Pelaksanaan pendirian Perusahaan Perseroan (PERSERO) tersebut pada ayat (1) Pasal 1 PERATURAN PEMERINTAH ini dilakukan menurut ketentuan-ketentuan Kitab UNDANG-UNDANG Hukum Dagang Stb.
1847 : 23 sebagaimana yang telah beberapa kali diubah dan ditambah, terakhir dengan UNDANG-UNDANG Nomor 4 Tahun 1971;
dengan memperhatikan ketentuan-ketentuan yang termaktub dalam PERATURAN PEMERINTAH Nomor 12 Tahun 1969 jo.
PERATURAN PEMERINTAH Nomor 24 Tahun 1972.

Pasal 4

(1). Penyelesaian pendirian Perusahaan Perseroan (PERSERO) sebagaimana yang dimaksudkan dalam pasal 3 PERATURAN PEMERINTAH ini dikuasakan kepada Menteri Keuangan.
(2). Menteri Keuangan dapat menyerahkan kekuasaan tersebut pada ayat (1) pasal ini, dengan disertai hak substitusi, kepada Menteri Pertanian, dengan ketentuan bahwa Rancangan Anggaran Dasar Perusahaan Perseroan (PERSERO) tersebut harus mendapat persetujuan terlebih dahulu dari Menteri Keuangan.
(3).
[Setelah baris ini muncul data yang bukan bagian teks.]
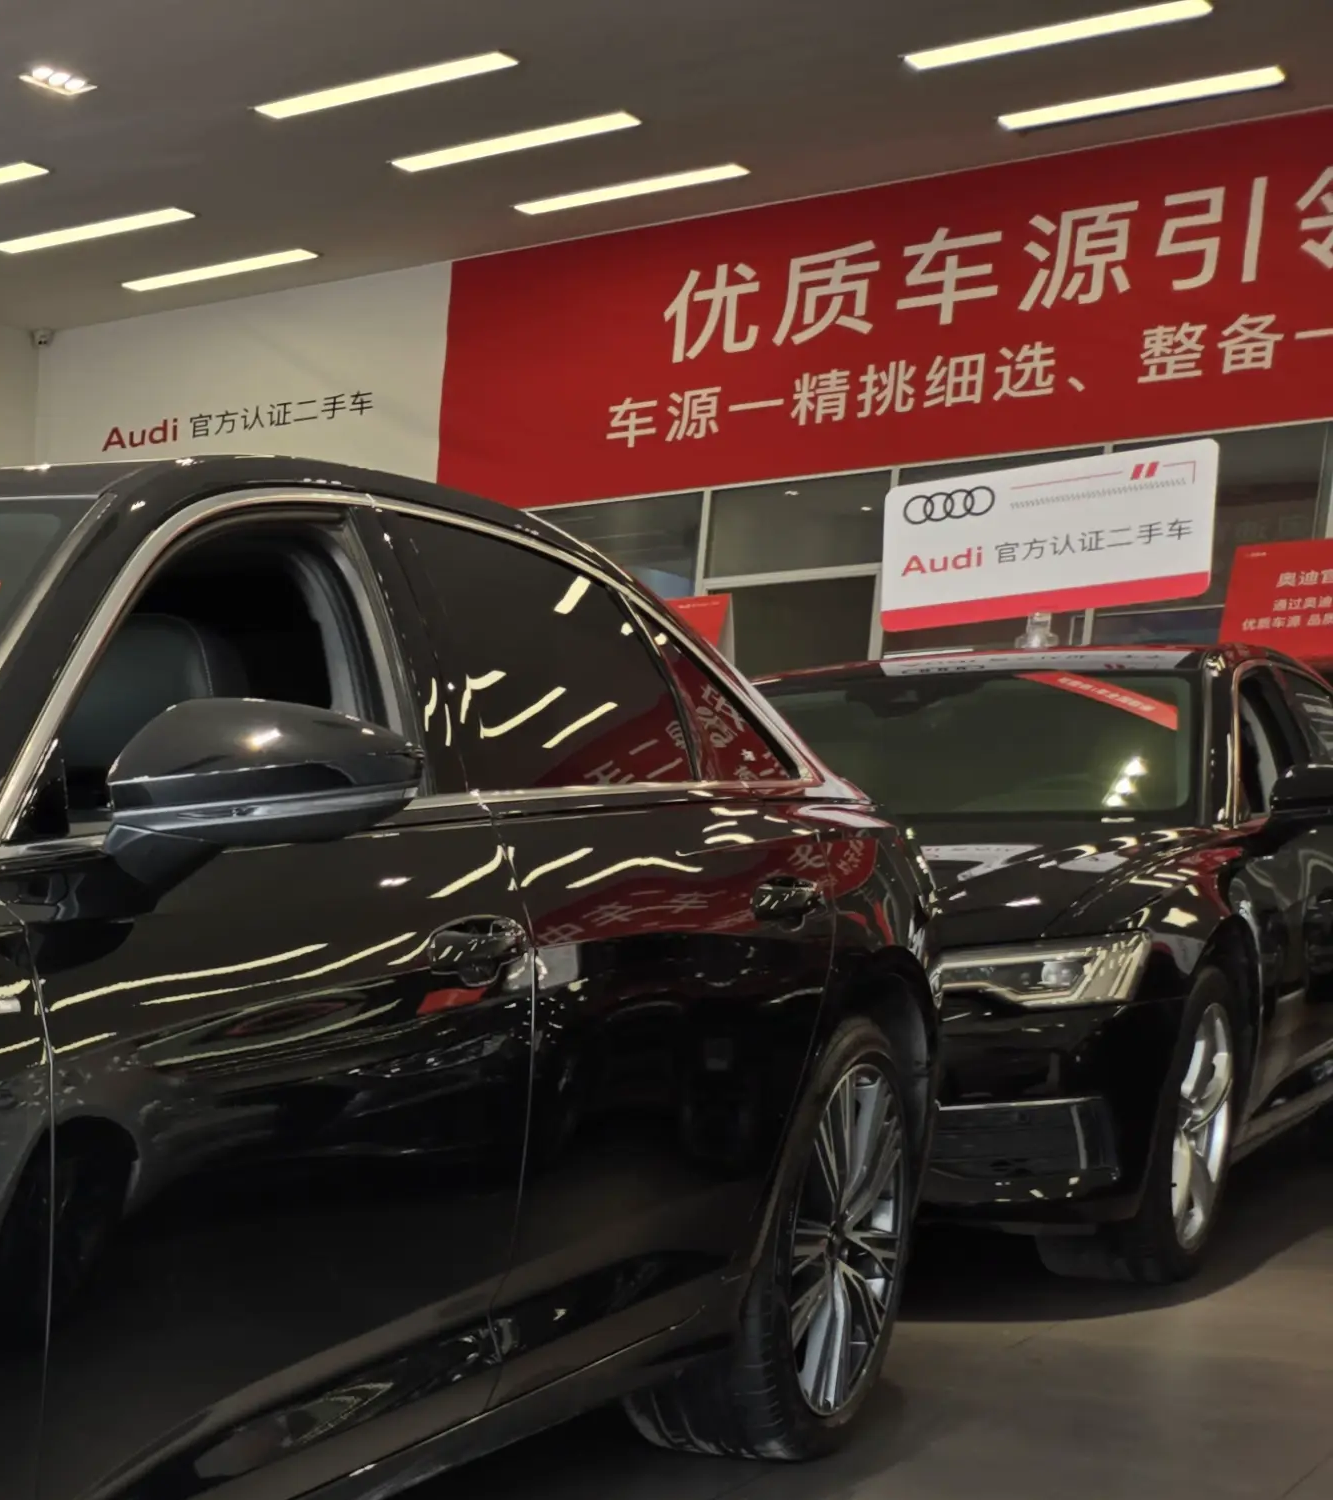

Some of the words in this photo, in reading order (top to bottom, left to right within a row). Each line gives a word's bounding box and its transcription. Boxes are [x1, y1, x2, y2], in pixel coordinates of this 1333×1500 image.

[101, 417, 178, 452] Audi
[189, 390, 374, 439] 官方认证二手车
[900, 546, 983, 577] Audi
[993, 518, 1194, 565] 官方认证二手车
Kepada Menteri Pertanian diberikan kekuasaan untuk menunjuk seseorang untuk ikut serta mendirikan Perusahaan Perseroan (PERSERO) tersebut, sesuai dengan ketentuan yang termaktub dalam Pasal 6 PERATURAN PEMERINTAH Nomor 12 Tahun 1969.
BAB IV …

Pasal 5

Terhitung mulai saat berdirinya Perusahaan Perseroan (PERSERO) serta dibubarkannya Perusahaan Pertanian Negara sebagaimana yang dimaksudkan dalam ayat (2) Pasal 1 PERATURAN PEMERINTAH ini, PERATURAN PEMERINTAH Nomor 12 Tahun 1963 dan semua peraturan pelaksanaannya dinyatakan tidak berlaku lagi.

Pasal 6

Hal-hal yang belum cukup diatur dalam PERATURAN PEMERINTAH ini akan diatur tersendiri.

Pasal 7

PERATURAN PEMERINTAH ini mulai berlaku pada hari tanggal diundangkannya.
Agar supaya setiap orang dapat mengetahuinya, memerintahkan pengundangan PERATURAN PEMERINTAH ini dengan penempatannya dalam Lembaran Negara Republik INDONESIA.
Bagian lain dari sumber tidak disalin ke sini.